Two studies comparing CT scores in PCD and CF patients found no differences in the global Brody score. A third study used a study-specific system to analyse CT scans from patients with PCD and CF and then assess results against the Brody and Bhalla scores [63]. They found that bronchial wall thickening, bronchiectasis, mucus plugging, atelectasis and air trapping, features commonly seen in CF patients, were even more common in patients with PCD.

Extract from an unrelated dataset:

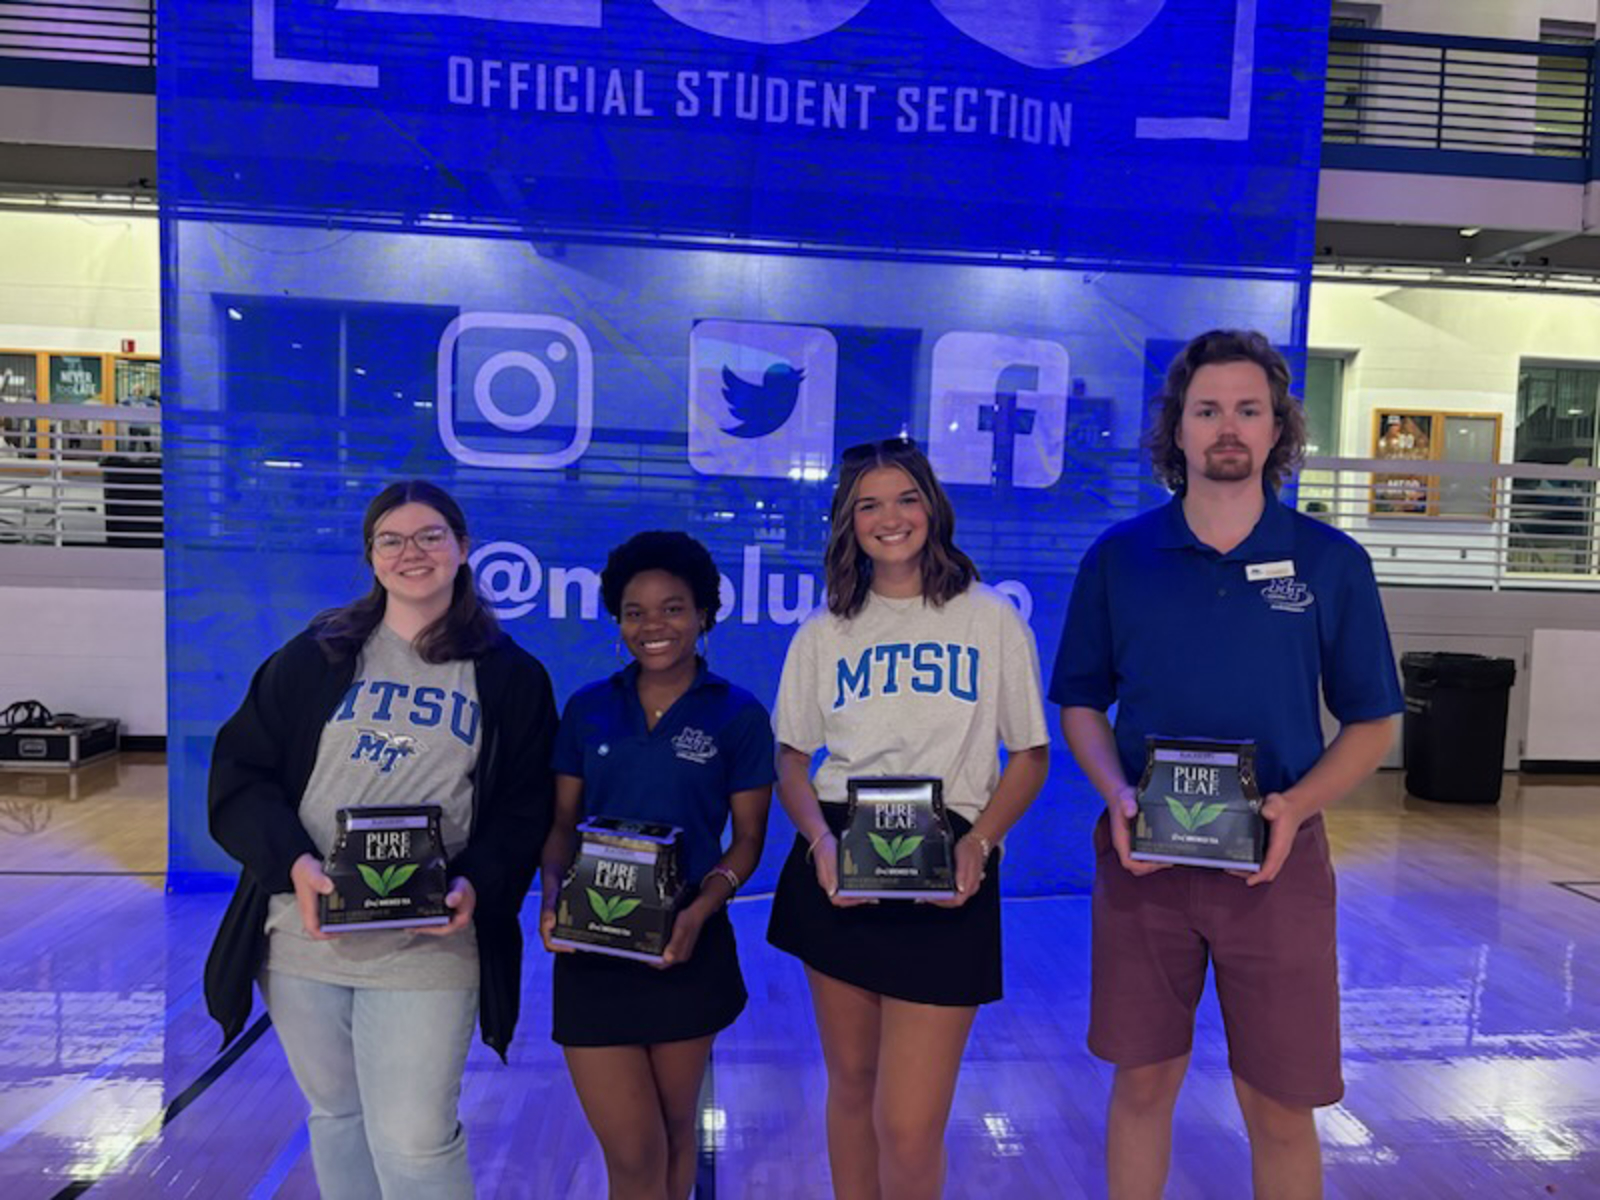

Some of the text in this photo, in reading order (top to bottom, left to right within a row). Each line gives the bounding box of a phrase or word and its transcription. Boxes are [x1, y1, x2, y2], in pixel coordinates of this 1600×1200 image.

Maglione et al. [57] reported a significantly higher subscore for severity of collapse or consolidation in PCD compared to CF, and Cohen-Cymberknoh et al. [82] found that the lower and middle lobes were more frequently affected in PCD compared to the typical upper lobes compromise seen in CF [34, 55, 62, 82]. Tadd et al. [63] reported a higher frequency of extensive tree-in-bud pattern of mucus plugging, bronchocoeles or nodules, thickening of interlobar and intralobular septa, and atelectasis or collapse of the whole lobes in PCD; these are uncommon in CF patients.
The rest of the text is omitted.